Reproduce every entry word for word. Drop all pictures from the copy.

# Dataset extract:

◇ ◇ ◇ ◇

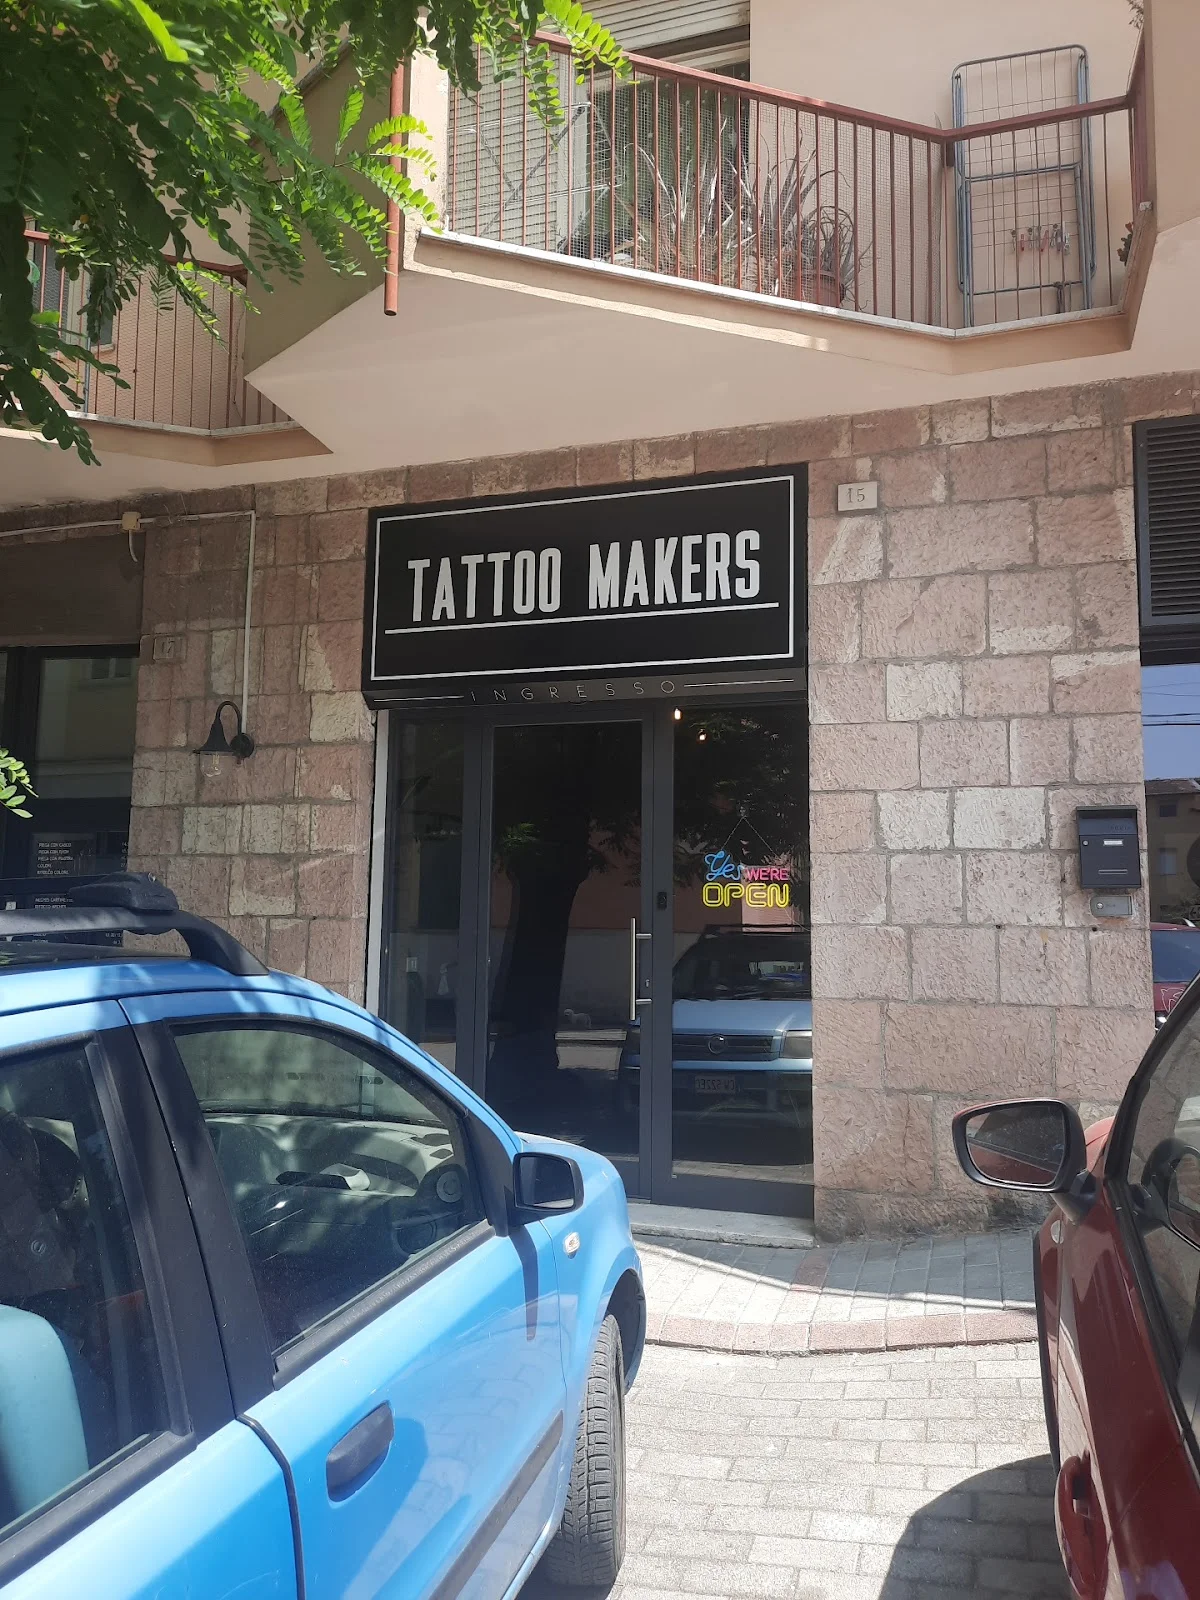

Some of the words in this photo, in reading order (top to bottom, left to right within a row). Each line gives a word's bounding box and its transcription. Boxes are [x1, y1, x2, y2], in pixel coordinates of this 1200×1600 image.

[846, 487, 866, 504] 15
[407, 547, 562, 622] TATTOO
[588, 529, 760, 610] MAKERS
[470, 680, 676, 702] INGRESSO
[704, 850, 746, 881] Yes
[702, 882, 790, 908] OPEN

◇ ◇ ◇ ◇

# Your response:
Some of the words in this photo, in reading order (top to bottom, left to right within a row). Each line gives a word's bounding box and its transcription. Boxes are [x1, y1, x2, y2], in pixel coordinates of this 1200×1600 image.

[846, 487, 866, 504] 15
[407, 547, 562, 622] TATTOO
[588, 529, 760, 610] MAKERS
[470, 680, 676, 702] INGRESSO
[704, 850, 746, 881] Yes
[702, 882, 790, 908] OPEN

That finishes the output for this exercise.